GOAL OF THE EXERCISE
Reproduce every record below exactly as written, but leave out any pictures.
━━━━━━━━━━━━━━━━━━━━━━━━━━━━━━
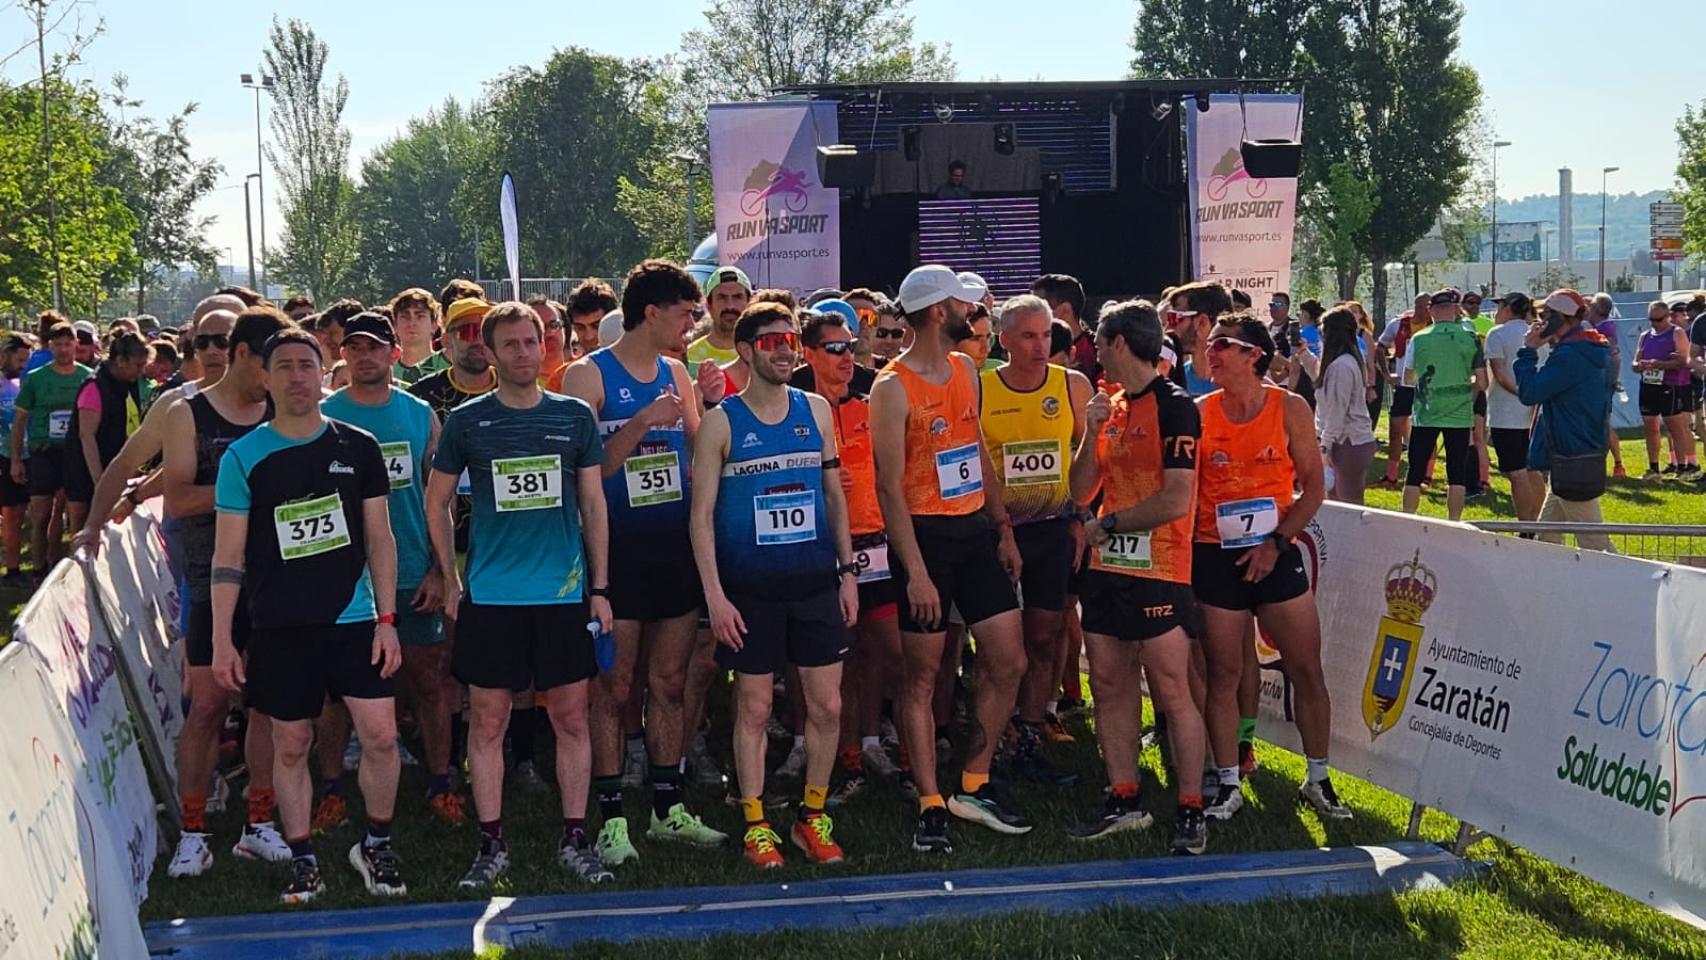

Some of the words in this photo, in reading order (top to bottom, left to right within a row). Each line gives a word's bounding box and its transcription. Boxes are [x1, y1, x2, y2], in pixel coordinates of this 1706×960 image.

[726, 247, 831, 262] www.runvasport.es
[1235, 276, 1274, 289] NIGHT
[1164, 435, 1195, 459] TR
[384, 457, 404, 475] 4
[733, 460, 780, 476] LAGUNA
[959, 461, 970, 480] 6
[1012, 453, 1055, 472] 400
[507, 472, 548, 494] 381
[639, 468, 672, 490] 351
[289, 513, 335, 540] 373
[769, 508, 805, 529] 110
[1240, 514, 1255, 532] 7
[1108, 535, 1139, 554] 217
[1306, 519, 1328, 568] PORTIVA
[1143, 604, 1174, 618] TRZ
[1427, 637, 1505, 675] Ayuntamiento
[1506, 658, 1522, 680] de
[1414, 666, 1511, 733] Zaratán
[1409, 714, 1452, 742] Concejalía
[1453, 731, 1465, 747] de
[1465, 734, 1502, 760] Deportes
[1557, 735, 1672, 816] Saludable
━━━━━━━━━━━━━━━━━━━━━━━━━━━━━━
ANSWER SPACE
Some of the words in this photo, in reading order (top to bottom, left to right within a row). Each line gives a word's bounding box and its transcription. Boxes are [x1, y1, x2, y2], in pixel coordinates of this 1706×960 image.

[726, 247, 831, 262] www.runvasport.es
[1235, 276, 1274, 289] NIGHT
[1164, 435, 1195, 459] TR
[384, 457, 404, 475] 4
[733, 460, 780, 476] LAGUNA
[959, 461, 970, 480] 6
[1012, 453, 1055, 472] 400
[507, 472, 548, 494] 381
[639, 468, 672, 490] 351
[289, 513, 335, 540] 373
[769, 508, 805, 529] 110
[1240, 514, 1255, 532] 7
[1108, 535, 1139, 554] 217
[1306, 519, 1328, 568] PORTIVA
[1143, 604, 1174, 618] TRZ
[1427, 637, 1505, 675] Ayuntamiento
[1506, 658, 1522, 680] de
[1414, 666, 1511, 733] Zaratán
[1409, 714, 1452, 742] Concejalía
[1453, 731, 1465, 747] de
[1465, 734, 1502, 760] Deportes
[1557, 735, 1672, 816] Saludable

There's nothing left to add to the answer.